## ENTRIES SUPPLIED
- - -
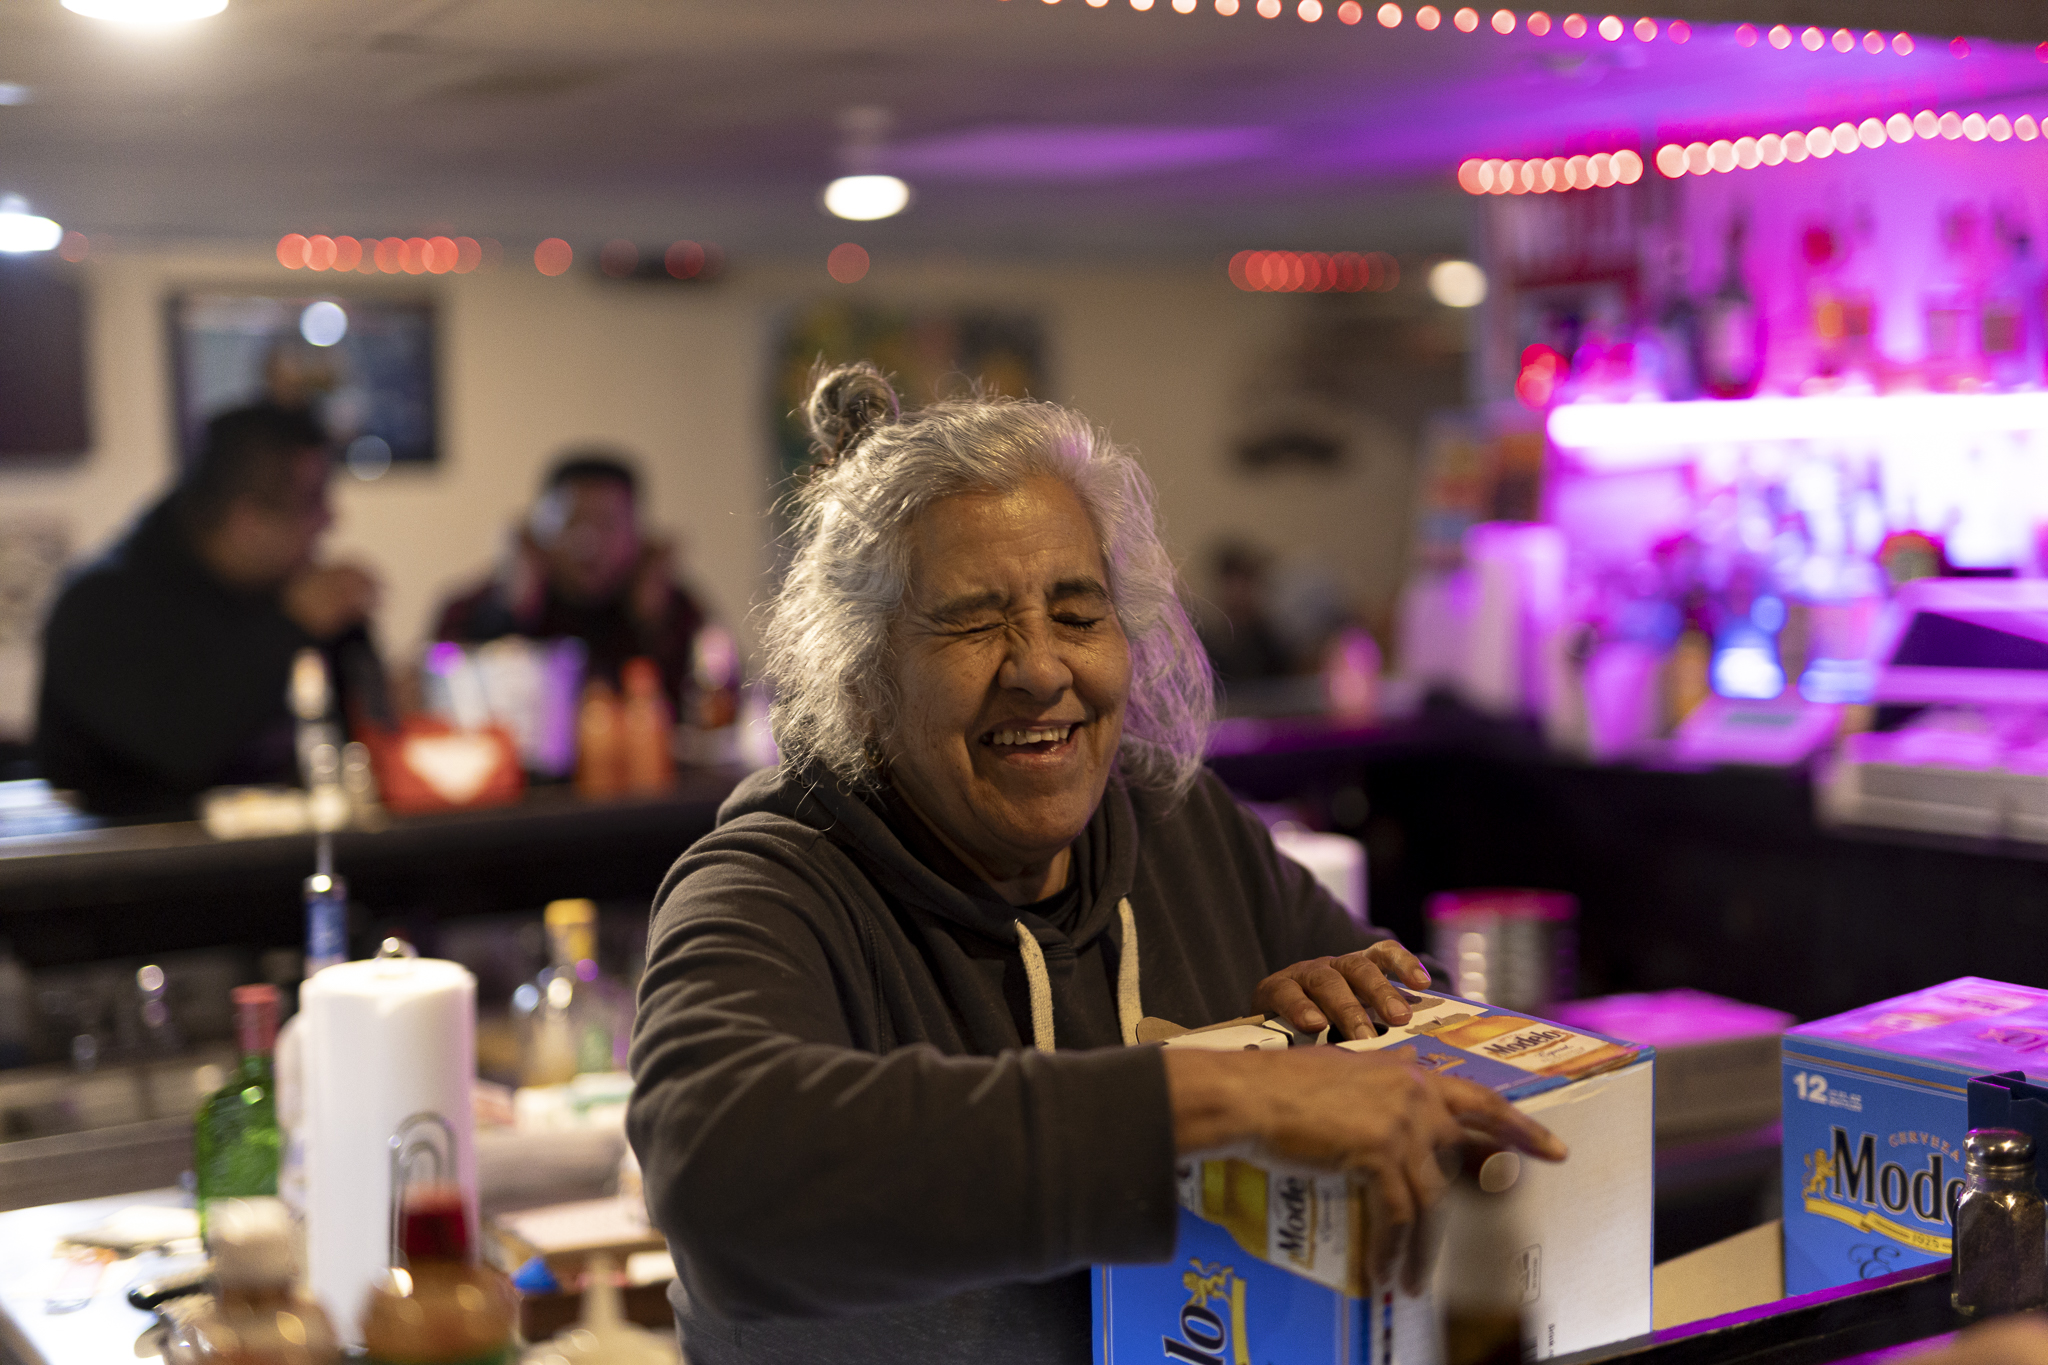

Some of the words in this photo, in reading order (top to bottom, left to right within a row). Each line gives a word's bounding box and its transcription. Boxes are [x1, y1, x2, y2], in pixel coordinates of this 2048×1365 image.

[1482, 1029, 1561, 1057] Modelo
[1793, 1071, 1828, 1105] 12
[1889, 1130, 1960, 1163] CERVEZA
- - -
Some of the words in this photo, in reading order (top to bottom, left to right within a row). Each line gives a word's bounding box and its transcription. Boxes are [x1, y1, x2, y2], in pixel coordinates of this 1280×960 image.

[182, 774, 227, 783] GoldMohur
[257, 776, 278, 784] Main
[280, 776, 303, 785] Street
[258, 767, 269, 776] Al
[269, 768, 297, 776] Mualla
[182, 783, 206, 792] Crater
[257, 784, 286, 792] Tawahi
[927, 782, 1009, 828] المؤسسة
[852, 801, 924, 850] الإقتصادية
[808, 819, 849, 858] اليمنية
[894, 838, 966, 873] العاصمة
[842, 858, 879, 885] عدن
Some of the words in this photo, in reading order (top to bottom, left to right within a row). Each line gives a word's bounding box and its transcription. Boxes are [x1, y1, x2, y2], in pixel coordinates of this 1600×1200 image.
- - -
## EXERCISE BRIEF
Using the data above, reproduce exactly the lines from the line that contains "this 1280×960 image." through the line that contains "this 1600×1200 image.", including both.

## EXERCISE RESPONSE
Some of the words in this photo, in reading order (top to bottom, left to right within a row). Each line gives a word's bounding box and its transcription. Boxes are [x1, y1, x2, y2], in pixel coordinates of this 1280×960 image.

[182, 774, 227, 783] GoldMohur
[257, 776, 278, 784] Main
[280, 776, 303, 785] Street
[258, 767, 269, 776] Al
[269, 768, 297, 776] Mualla
[182, 783, 206, 792] Crater
[257, 784, 286, 792] Tawahi
[927, 782, 1009, 828] المؤسسة
[852, 801, 924, 850] الإقتصادية
[808, 819, 849, 858] اليمنية
[894, 838, 966, 873] العاصمة
[842, 858, 879, 885] عدن
Some of the words in this photo, in reading order (top to bottom, left to right within a row). Each line gives a word's bounding box and its transcription. Boxes are [x1, y1, x2, y2], in pixel coordinates of this 1600×1200 image.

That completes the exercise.